Never was a man more dead in earnest. The sand all around him was in commotion,
and in the few seconds that the fizzing fuse gave him, he burrowed like a great
gopher till nothing but the top of his hump could be seen as the loose sand
settled around it. I held my breath expecting the next second to see the poor
fellow blown to atoms. Then the explosion came with a tremendous jar that shook
the ground and sent a hundred pieces of iron singing through the air. We all
kept our eyes fixed upon the spot as the smoke and dust slowly lifted, when the
first sight that came to view was the head of Ford, happily, still on his
shoulders, and as he realized that he was all right, he looked back at us and
sang out “Who-eeh” as cheerily as if he had treed a coon instead of been face
to face with death a second before. An answering cheer and a laugh went up from
the boys on the line, and the incident was the next minute forgotten.
But not all incidents were so comical. Captain Morton also remembered a more gruesome incident from his regiment’s first encounter with the Coehorns:
I do not know what our loss was in this artillery fight, [I] only
recollect that two men in my own company were killed. One of them while lying
down was struck on the back by a large piece of descending shell and cut in
two, poor fellow. The other had gone to the rear a mile with a detail to cook
and was on his way back to the line with a camp-kettle full of corn-bread and
beef on his arm when the cannonading commenced. He ran towards the breastworks
for protection, while the hungry men in the trenches watched his race through
the ploughing shot and shell, almost as solicitous for the safety of their
breakfast, perhaps, as for that of their comrade. Just before the poor fellow
reached us, however, a shell exploded directly in front of him, and when the
smoke cleared away the bloody fragments of the man and the scattered contents
of the camp-kettle lay mingled together on the ground before our eyes. It is
said that from the fullness of the heart the mouth speaketh, but on this occasion
speech came from the emptiness of one poor soldier’s stomach, when looking upon
the ghastly wreck before us, he exclaimed: “Lor’, boys, just look, Joe Flint is
all mixed up with our breakfast, and it ain’t fit for nothing!” Such want of
sentiment, or feeling if you like, sounds strange and heartless to us now, but
in those times of courage and every-day suffering, the hungry soldier’s remark,
finding an echo in the empty stomachs of his fellows, did not seem so much out
of place.
In their second encounter with the Coehorns, the
Confederates did not like what they saw.
After leaving the battlefield at Cold Harbor, the Army of
the Potomac drifted south. It crossed the James River and moved against
Petersburg from the east. As soon as the Army of the Potomac’s infantry made
contact with the Dimmock Line—the long string of redans that encircled
Petersburg—Battery D was again called to the front. On June 17, it was posted north
of the William Shands house in support of two divisions of 2nd Corps
and 9th Corps that attempted (unsuccessfully) to penetrate
Confederate earthworks at Hare House Hill. The mortars plied their work of
death, weakening the rebel position. Eventually, word got passed to a
Confederate brigade commander, Colonel Matt Ransom, whose unit was directly
opposite the Coehorns. Ransom had to silence the battery. Ransom selected his ten
best marksmen and sent them to the parapet with specific instructions to kill
the Coehorn gunners.
This illustration depicts the Coehorn Battery at work. Likely, it is based upon the Waud sketch shown above. Note that it depicts Captain Jones standing at right. |
During the assault, Captain Jones noticed the increased volume of enemy sharpshooter fire and gave orders declaring that no one in Battery D could show his head above the breastworks. Apparently, Jones had taken young Wilkeson’s advice to heart—at least so far as his gunners were concerned.
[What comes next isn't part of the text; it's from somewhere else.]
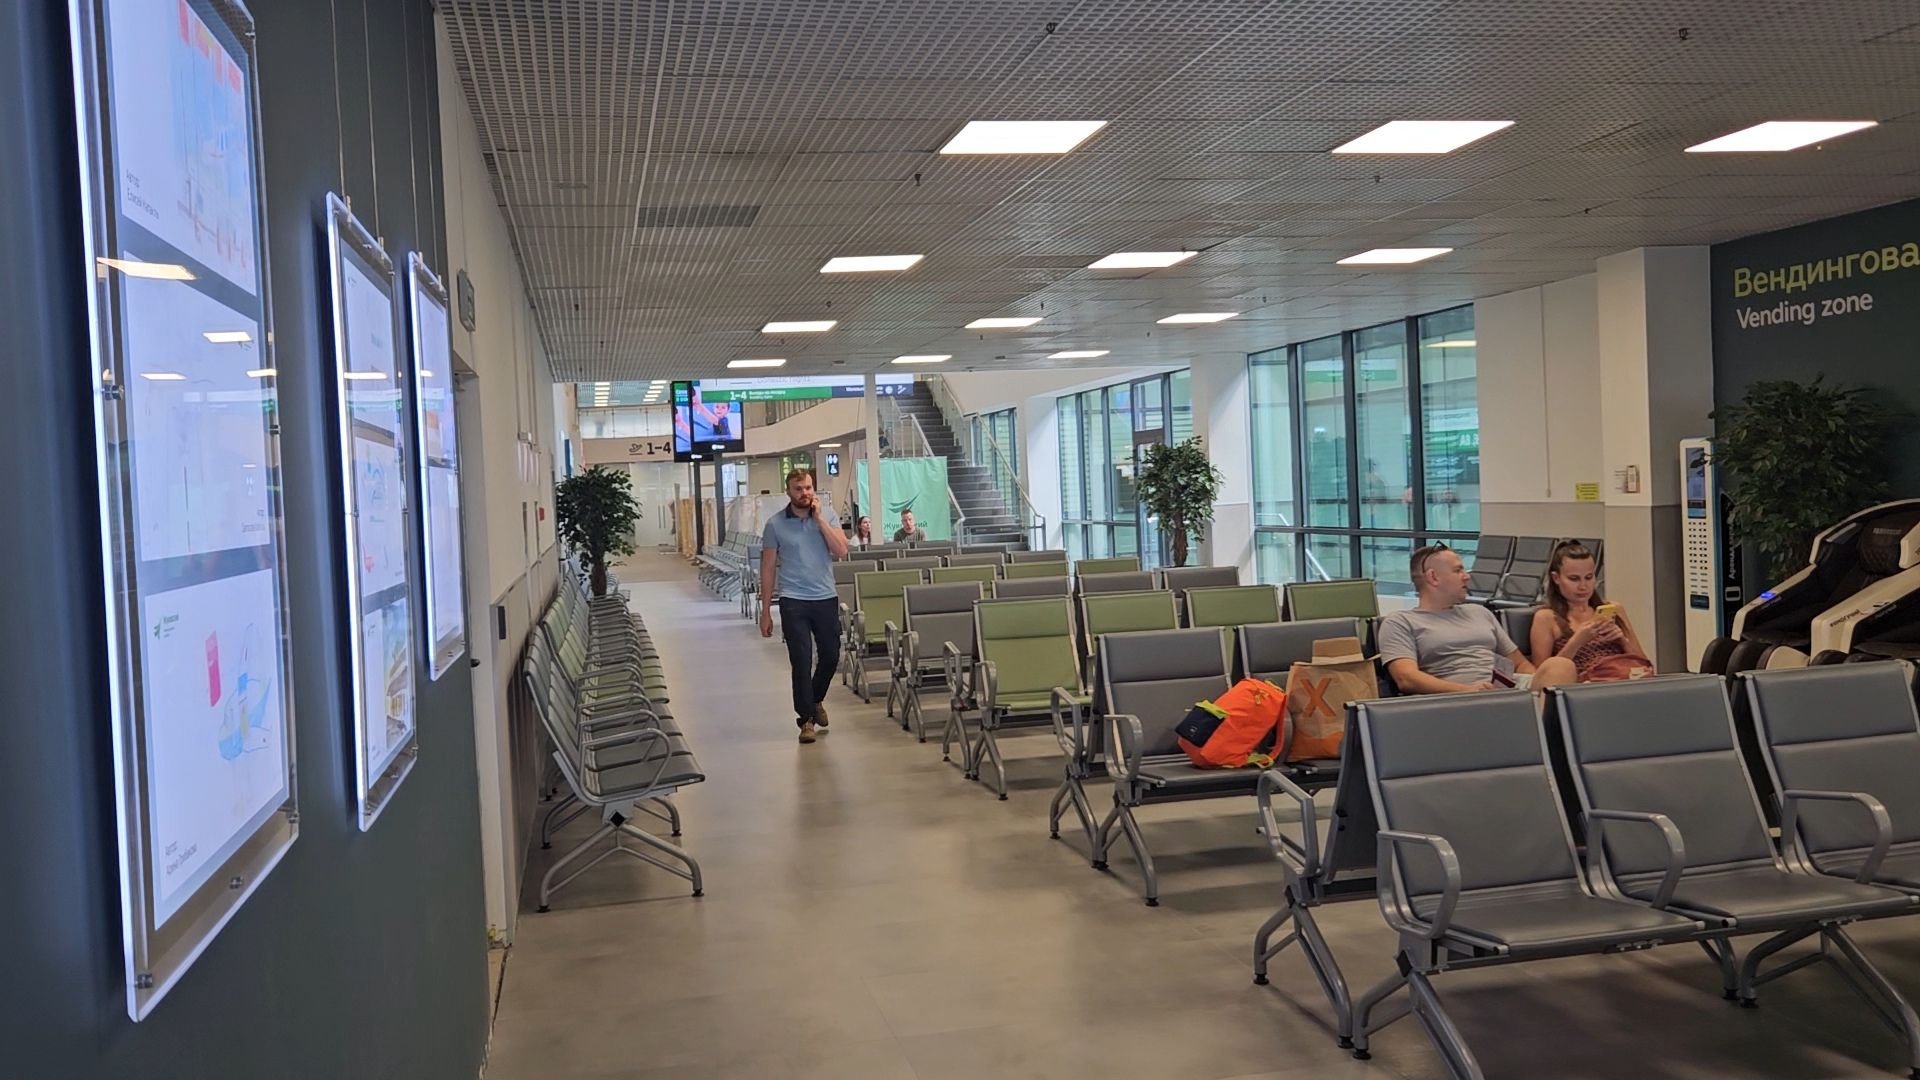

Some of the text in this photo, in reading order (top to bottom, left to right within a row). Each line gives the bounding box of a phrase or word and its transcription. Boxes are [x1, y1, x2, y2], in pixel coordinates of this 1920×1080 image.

Sadly, Jones did not apply the same orders to himself; he routinely peeked his head over the parapet to get a good look at where the
mortar rounds fell. (Later on, one of Jones’s lieutenants surmised that Jones
had poor eyesight. He lingered too long at the parapet because he needed to
wait until the slow-burning fuse triggered the explosion of the shell in order
to see where the shell had hit.)
As the sharpshooter fire increased, Jones took a seat atop
an ammunition box and began conversing with his chief of ammunition, Corporal
H. Page Burnell. Suddenly, a brigade from the 9th Corps—Col. Jacob
P. Gould’s—came running back in retreat over the works in front of the Coehorn
battery, its attack having failed. In haste, Captain Jones arose from his seat and
said, “Corporal, hand me a fifteen and a half second fuse, I am going to give
them a shell!”
Over in the Confederate works, Colonel Ransom cautioned his
men. He noticed how the Union captain of the Coehorns always poked his head
above the works right after he issued a command. Ransom told his sharpshooters that as soon as they heard the Union commander shout, they must fire on that spot!
Apparently, the words, “I am going to give them a shell!”
sounded like orders to Ransom’s sharpshooters, because all of them fired.
One of those ten bullets found its mark.
As Corporal Burnell recollected, “As he [Jones] uttered the
words a bullet struck him in the left temple and came out by his right ear. He
dropped, quivered a minute, perhaps, and all was over.”
As Burnell grasped his dead commander, Private John H. Mead
arrived on the scene. Mead had gone to the rear along with another man in
search of ammunition, and together, they found Captain Jones dead near the
ammunition box. Soon, First Lieutenant Abram G. Bradt arrived and took charge.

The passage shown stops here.